Après vingt heures de marathon syndical, gouvernement et syndicats du G7 ont franchi une étape clé vers l’apaisement du climat social dans l’Éducation. Placées sous l’égide du Premier ministre Ousmane Sonko, ces discussions ont abouti à un protocole d’accord qui reste à finaliser.
Parmi les mesures phares : une réforme systémique des retraites avec un départ à 65 ans, la digitalisation accélérée des actes administratifs et de gestion (d’ici 2026-2027), et l’interconnexion des plateformes MIRADOR, GIRAFE 2 et Solde avant fin 2026. Côté personnels, l’État promet l’immatriculation systématique des enseignants dès décembre 2027, la régularisation des cotisations sociales en juin 2027, ainsi que des avancées sur l’habitat et la connectivité des écoles d’ici 2027.
Sur le plan salarial, un comité ad hoc sera créé fin mai 2026 pour traiter surimpositions et rappels de salaire, avec un règlement inscrit dans la loi de finances 2028. Le régime indemnitaire sera élargi dès octobre 2026.

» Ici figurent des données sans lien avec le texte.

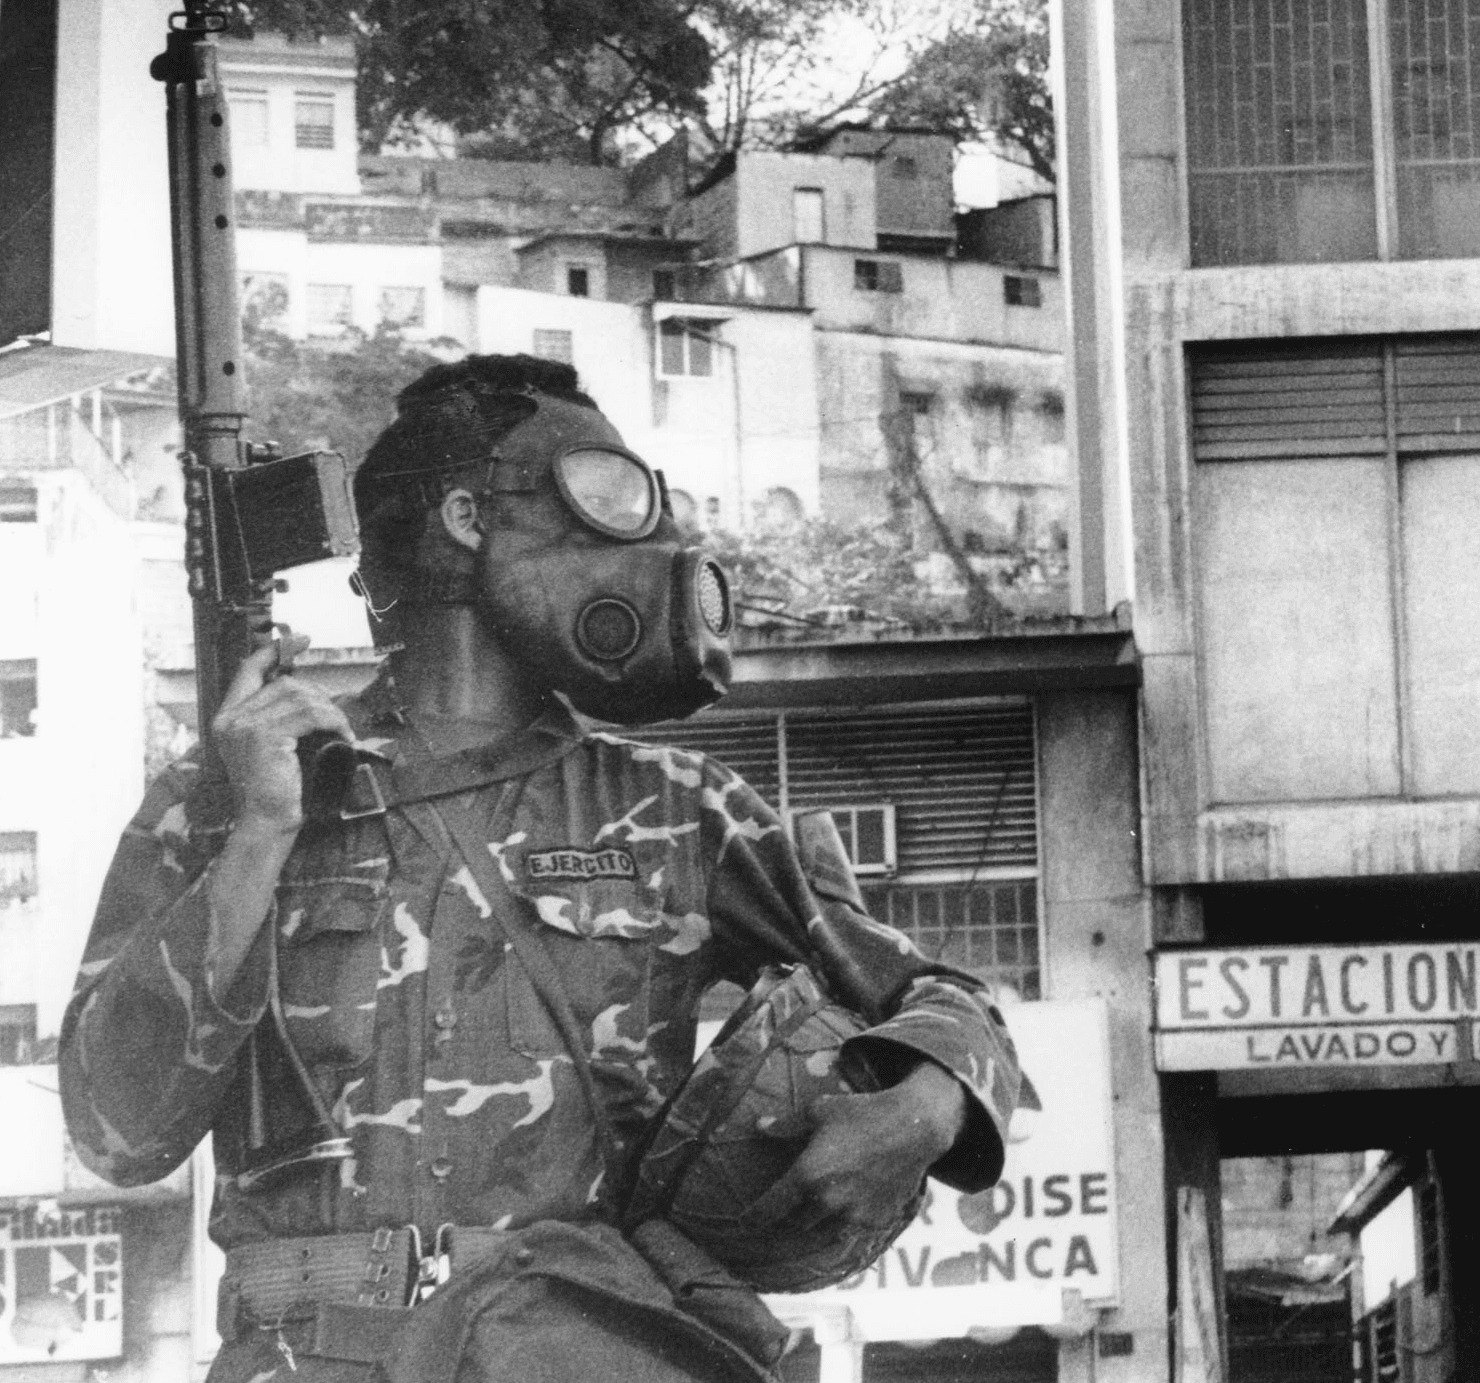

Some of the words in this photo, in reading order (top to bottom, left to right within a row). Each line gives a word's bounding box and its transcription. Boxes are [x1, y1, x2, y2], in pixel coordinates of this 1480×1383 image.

[531, 852, 631, 875] EJERCITO
[1246, 1030, 1417, 1062] LAVADO
[1428, 1030, 1448, 1056] Y

Mais les tensions restent vives sur deux sujets : l’application du décret retraite (âge et revalorisation des pensions) et la fiscalité des rappels. Le gouvernement écarte une défiscalisation totale, trop coûteuse (12 milliards FCFA/an), mais ouvre la porte à un allègement.
Prochaine échéance : le 16 avril 2026, pour tenter de lever les derniers blocages et signer un accord définitif, jugé indispensable à une paix sociale durable dans les établissements scolaires.